Who is the target audience of Freedom House reports?

From the beginning, we have sought to provide analysis that combines scholarly rigor with a methodology and vocabulary that is accessible to the general public. Obviously, there is a niche group of policymakers here and in Europe, as well as journalists, scholars, political activists and dissidents, who make up our core audience. But our data are also widely used by educators and students, including at the secondary level.

We have also developed a growing audience among foreign government officials. This is in large measure due to the important role of democracy and honest governance in the calculations of international development agencies, financial institutions, and governments. Especially since Freedom House findings have been formally incorporated into the foreign assistance process of the American government, we have experienced a major increase in communications with foreign diplomats, who want to discuss, or complain about, our conclusions about their countries.

Freedom House’s 2013 Freedom on the Net report examined internet activism and “increasingly sophisticated restrictions on internet freedom” by authoritarian regimes. Based on the report, what opportunities and obstacles do new technologies offer in promoting freedom?

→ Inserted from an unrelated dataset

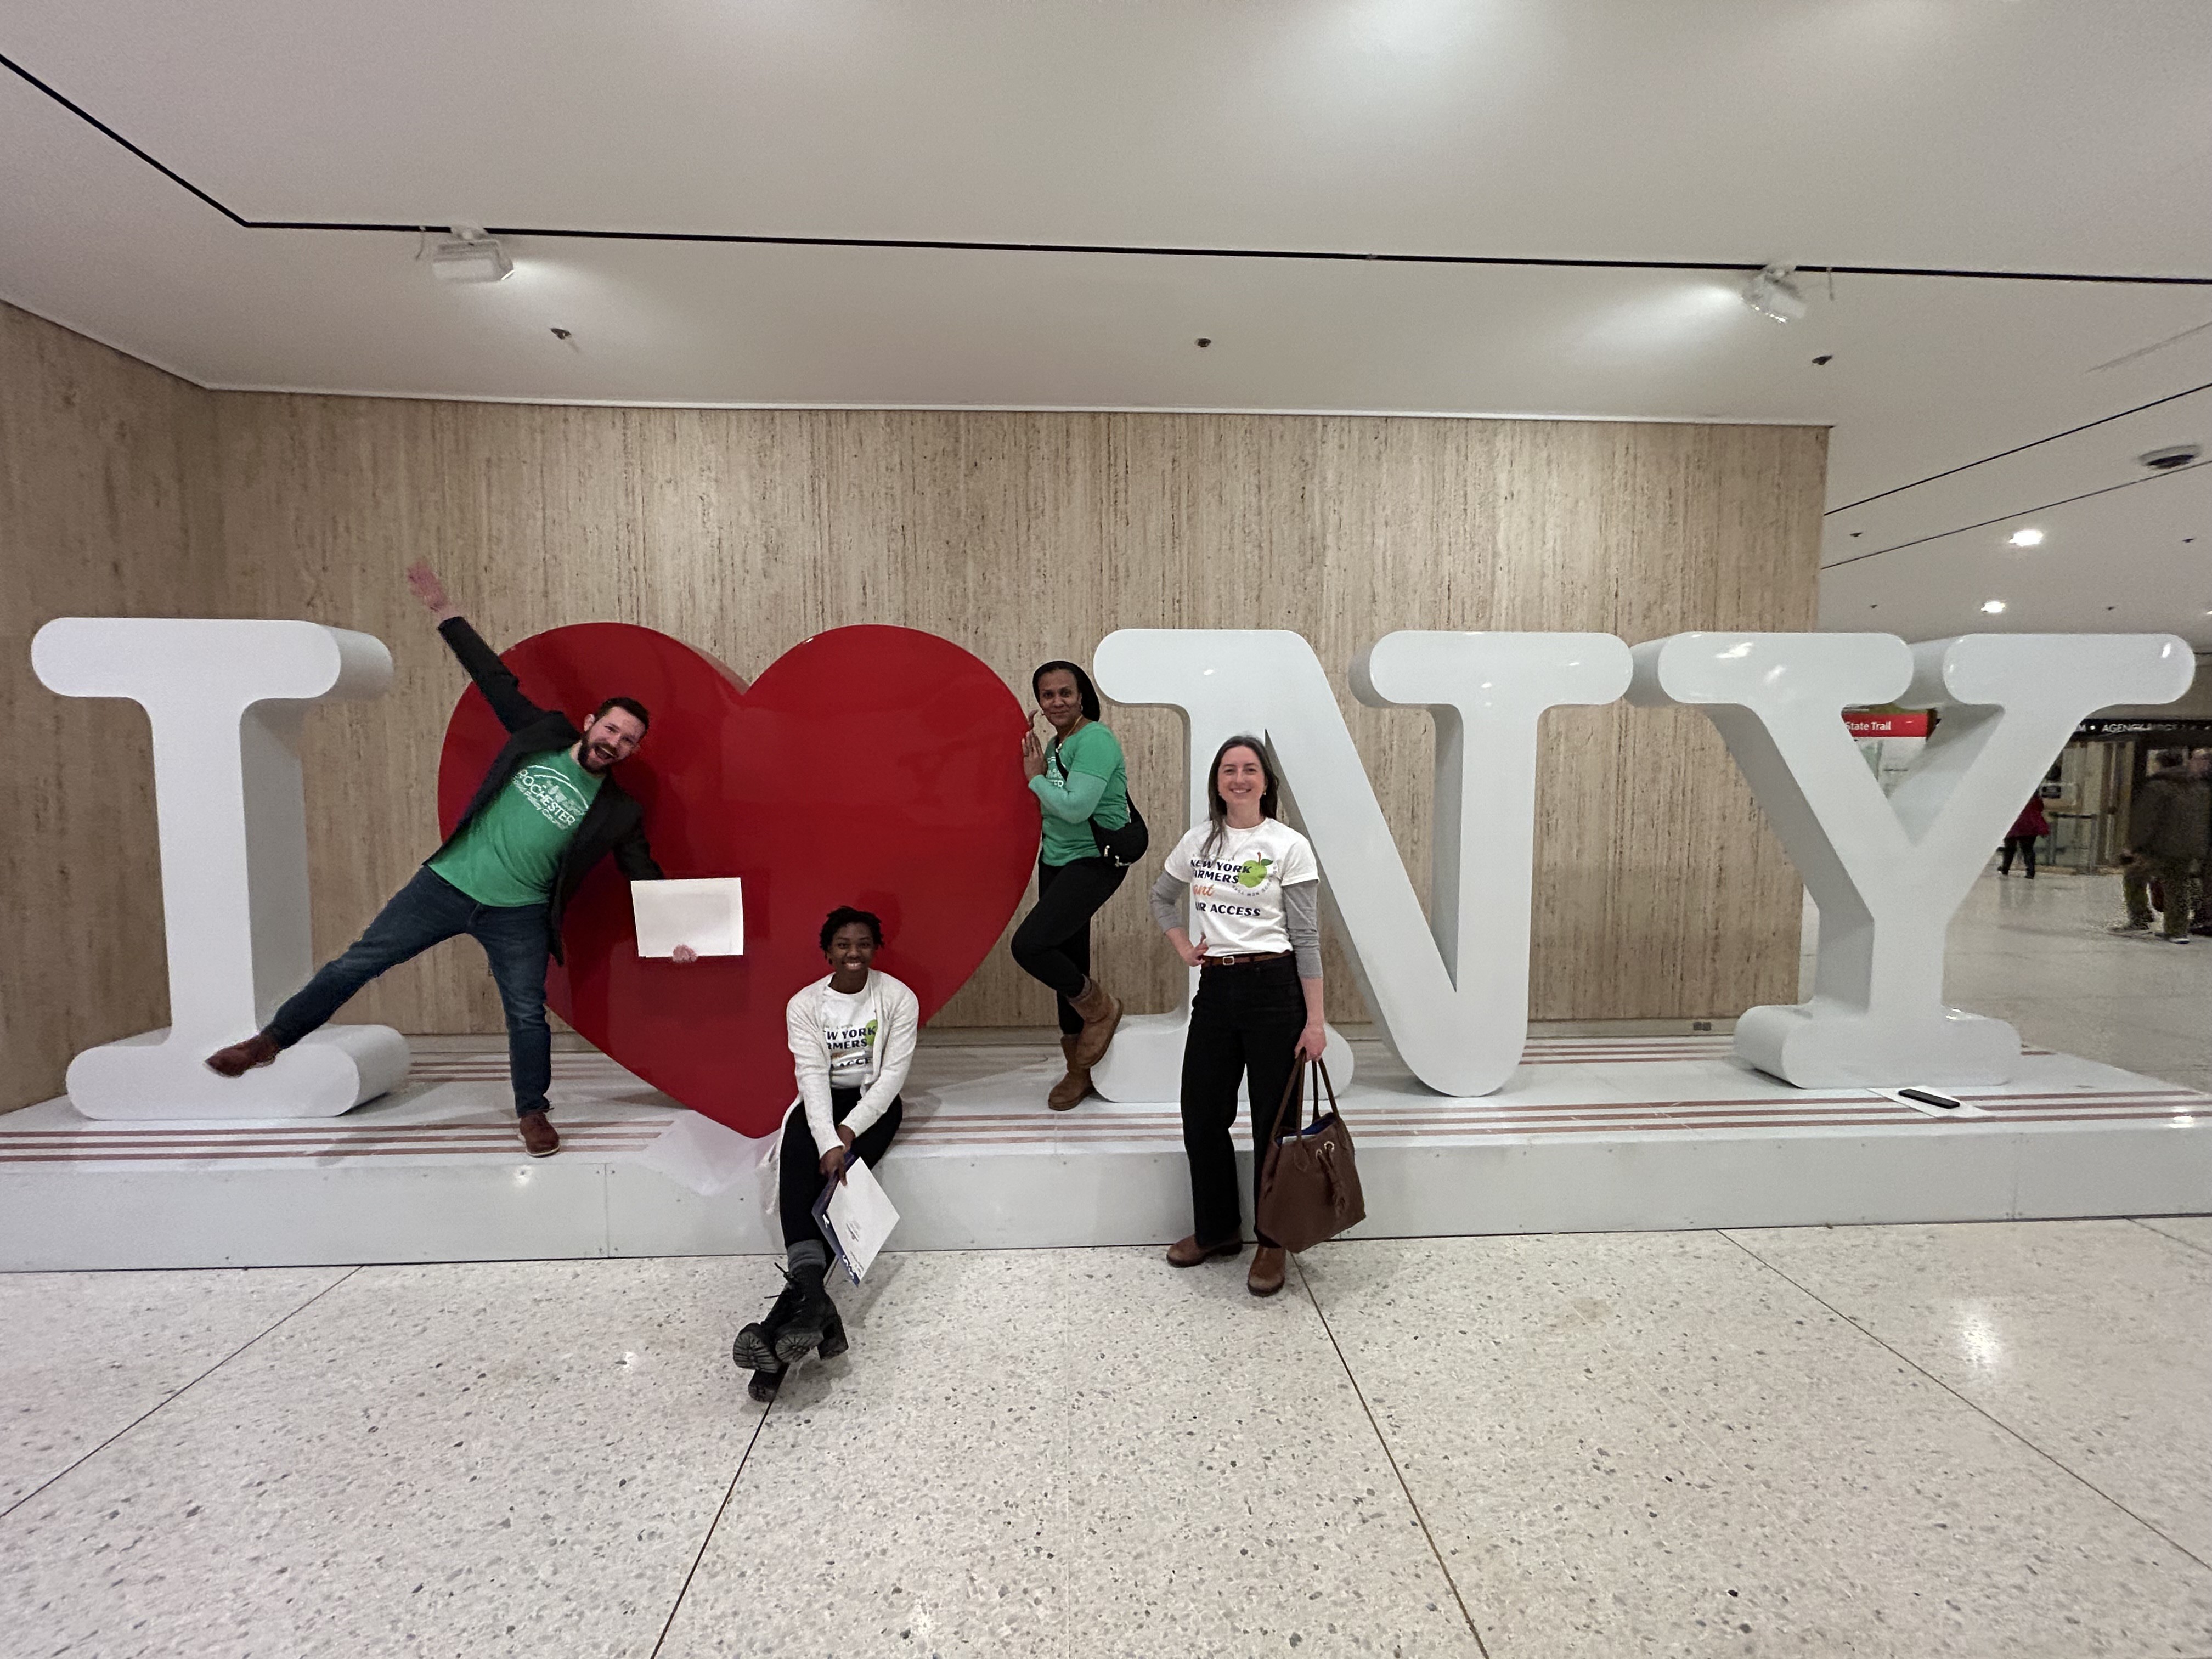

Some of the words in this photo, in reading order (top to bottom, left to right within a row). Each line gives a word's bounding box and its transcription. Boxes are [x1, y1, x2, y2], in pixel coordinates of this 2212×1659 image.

New technologies offer a significant opportunity to advance democracy. Throughout the world, online activists and ordinary social media users utilize these tools to organize, lobby, and hold their governments accountable. Women’s rights groups, free speech advocates, and human rights organizations have staged successful advocacy campaigns to overturn or prevent the passage of oppressive laws. In many authoritarian states, such as China, Saudi Arabia, and Bahrain, exposés by online and citizen journalists revealing corruption, police abuse, and pollution often force the authorities to acknowledge the issue, and in some cases, hold the perpetrators accountable. Unfortunately, the transformative power of digital media is not limited [End Page 35] to individuals fighting to promote freedom. Technological advances also bring new tools to censor the web and intimidate citizens who are engaged in online speech that is deemed to threaten the regime, insult the dominant religion, or sow social discord. Authoritarian regimes monitor the personal communications of their citizens for political reasons, with the goal of identifying and suppressing government critics and human rights activists. Such monitoring can have dire repercussions for the targeted individuals in those countries, including imprisonment, torture, and even death.

In 2007, Freedom House published a report indicating a “profoundly disturbing deterioration”—a greater number of countries were becoming less free than were becoming more free. Could you share insights on this finding?

According to our findings, more countries have experienced declines in freedom than have experienced gains during each of the last eight years. This is unprecedented in the forty-one-year history of Freedom in the World. At the same time, this decline is not in itself a cause for alarm. Many of the declines represent quite small setbacks and not a pell-mell retreat from the gains of previous decades. Many countries that embraced democracy over the previous four decades had little experience with the institutions of freedom, and their adherence to good government standards is beginning to fray. Especially in times of relative scarcity, corruption is emerging as a particular evil, especially as top-to-bottom graft and favoritism erodes popular faith in democratic institutions.

A more serious problem that is reflected in our findings is the durability of what we call modern authoritarian regimes. Russia’s Vladimir Putin and the Chinese Communist Party leadership are the best examples of this phenomenon, but there are others as well: Aliyev in Azerbaijan, the Iranian clerics, Correa in Ecuador, the post-Chavez group in Venezuela. Modern authoritarians preside over countries that are well-integrated into the global economic and diplomatic systems and often possess energy riches. [End Page 36] The leaders are unabashedly antidemocratic and anti-Western. They devote their energies to the control of the political process, the press, civil society, and the rule of law. They avoid the excesses and stupidities of communism, especially in economic policy, but use nuanced and sophisticated methods to control the levers of power. Modern authoritarianism has emerged over the past fifteen...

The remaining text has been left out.